WORK ITEM |
Would you please repeat all of the data exactly, omitting the pictures?
--- START ---
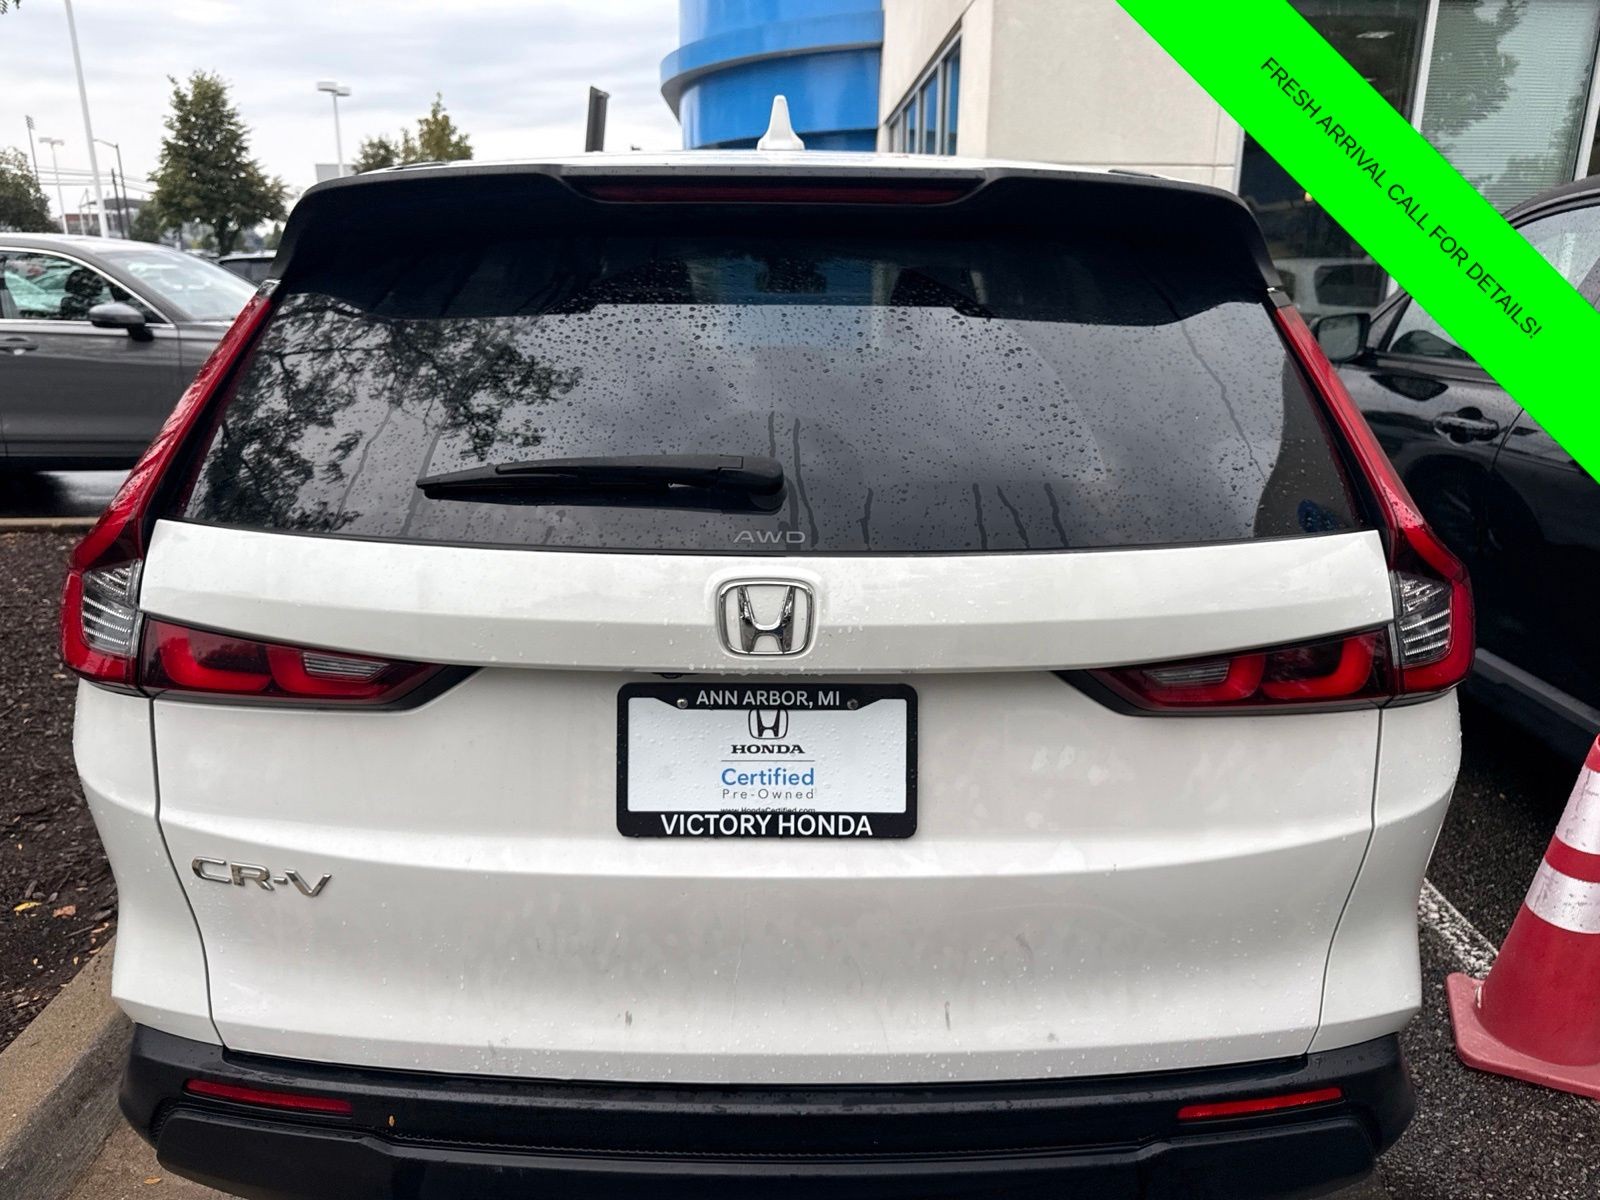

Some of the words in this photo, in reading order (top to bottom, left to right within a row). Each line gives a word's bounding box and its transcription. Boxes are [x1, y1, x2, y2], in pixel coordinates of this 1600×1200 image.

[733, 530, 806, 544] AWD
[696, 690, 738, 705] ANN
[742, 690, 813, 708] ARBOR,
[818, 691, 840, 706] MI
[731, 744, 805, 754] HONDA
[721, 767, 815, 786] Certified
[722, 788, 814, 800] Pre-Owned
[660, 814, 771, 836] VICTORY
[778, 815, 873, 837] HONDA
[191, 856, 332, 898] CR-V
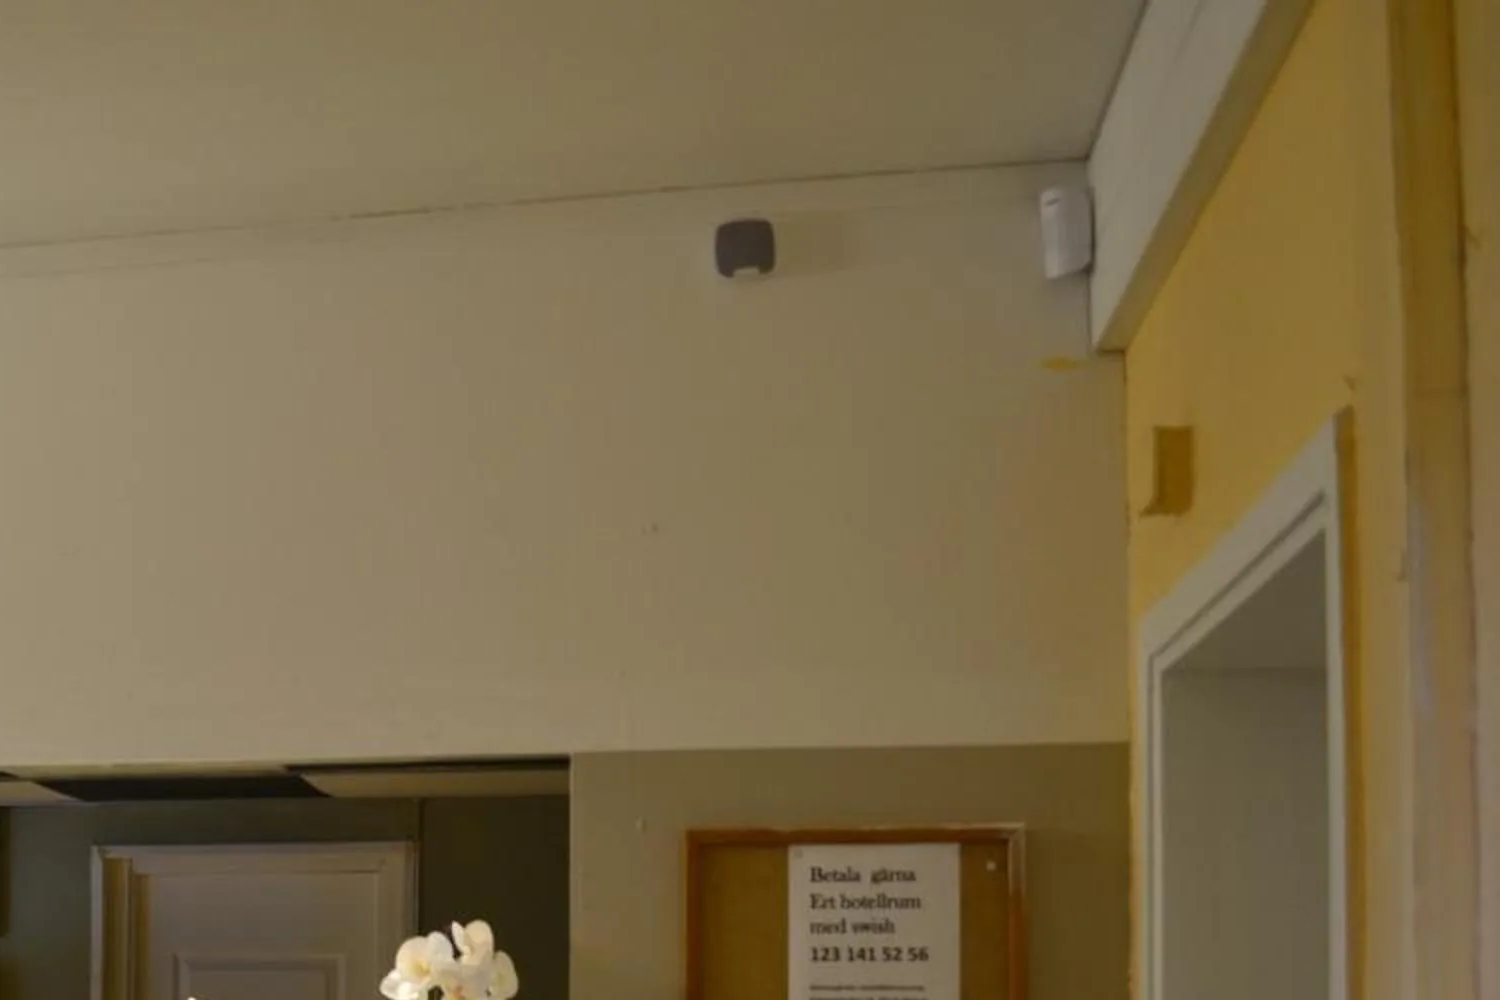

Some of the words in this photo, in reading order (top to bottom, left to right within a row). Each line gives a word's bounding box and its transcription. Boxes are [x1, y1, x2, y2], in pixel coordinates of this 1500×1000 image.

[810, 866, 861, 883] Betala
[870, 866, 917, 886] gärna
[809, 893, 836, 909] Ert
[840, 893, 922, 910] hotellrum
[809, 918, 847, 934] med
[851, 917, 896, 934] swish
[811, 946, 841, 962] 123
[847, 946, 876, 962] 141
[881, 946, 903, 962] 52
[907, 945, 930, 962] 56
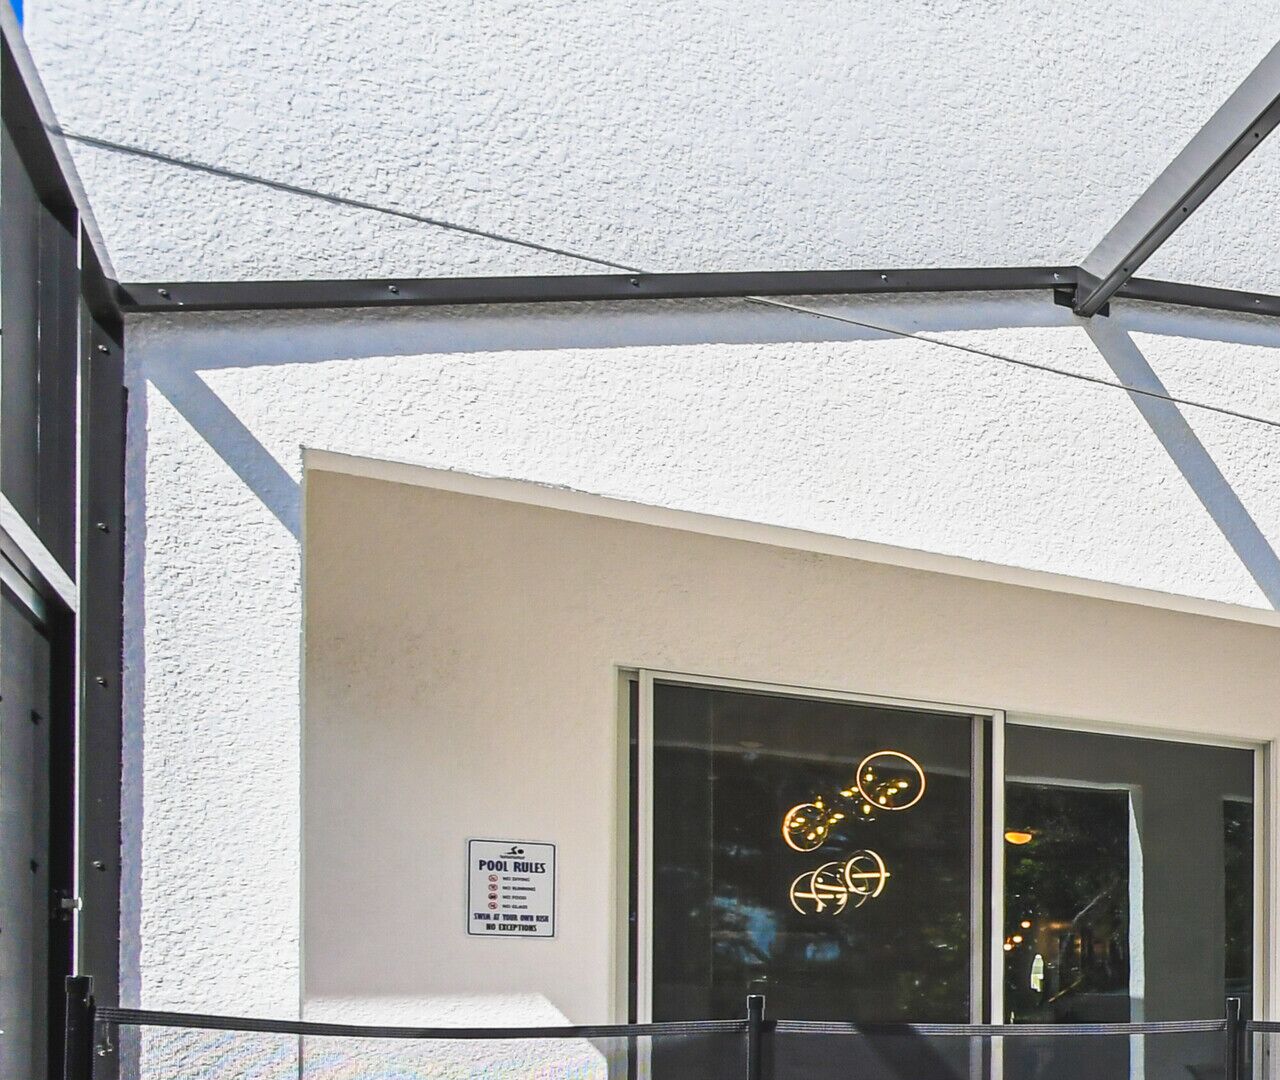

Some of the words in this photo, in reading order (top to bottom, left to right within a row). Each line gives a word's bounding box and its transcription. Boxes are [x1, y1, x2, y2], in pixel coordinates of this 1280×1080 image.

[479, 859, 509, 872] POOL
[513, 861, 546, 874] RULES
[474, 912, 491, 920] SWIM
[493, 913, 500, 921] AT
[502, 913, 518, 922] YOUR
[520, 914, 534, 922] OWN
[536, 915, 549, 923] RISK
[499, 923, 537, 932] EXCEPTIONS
--- END ---
YOUR RESPONSE |
Some of the words in this photo, in reading order (top to bottom, left to right within a row). Each line gives a word's bounding box and its transcription. Boxes are [x1, y1, x2, y2], in pixel coordinates of this 1600×1200 image.

[733, 530, 806, 544] AWD
[696, 690, 738, 705] ANN
[742, 690, 813, 708] ARBOR,
[818, 691, 840, 706] MI
[731, 744, 805, 754] HONDA
[721, 767, 815, 786] Certified
[722, 788, 814, 800] Pre-Owned
[660, 814, 771, 836] VICTORY
[778, 815, 873, 837] HONDA
[191, 856, 332, 898] CR-V

Some of the words in this photo, in reading order (top to bottom, left to right within a row). Each line gives a word's bounding box and its transcription. Boxes are [x1, y1, x2, y2], in pixel coordinates of this 1500×1000 image.

[810, 866, 861, 883] Betala
[870, 866, 917, 886] gärna
[809, 893, 836, 909] Ert
[840, 893, 922, 910] hotellrum
[809, 918, 847, 934] med
[851, 917, 896, 934] swish
[811, 946, 841, 962] 123
[847, 946, 876, 962] 141
[881, 946, 903, 962] 52
[907, 945, 930, 962] 56

Some of the words in this photo, in reading order (top to bottom, left to right within a row). Each line gives a word's bounding box and its transcription. Boxes are [x1, y1, x2, y2], in pixel coordinates of this 1280×1080 image.

[479, 859, 509, 872] POOL
[513, 861, 546, 874] RULES
[474, 912, 491, 920] SWIM
[493, 913, 500, 921] AT
[502, 913, 518, 922] YOUR
[520, 914, 534, 922] OWN
[536, 915, 549, 923] RISK
[499, 923, 537, 932] EXCEPTIONS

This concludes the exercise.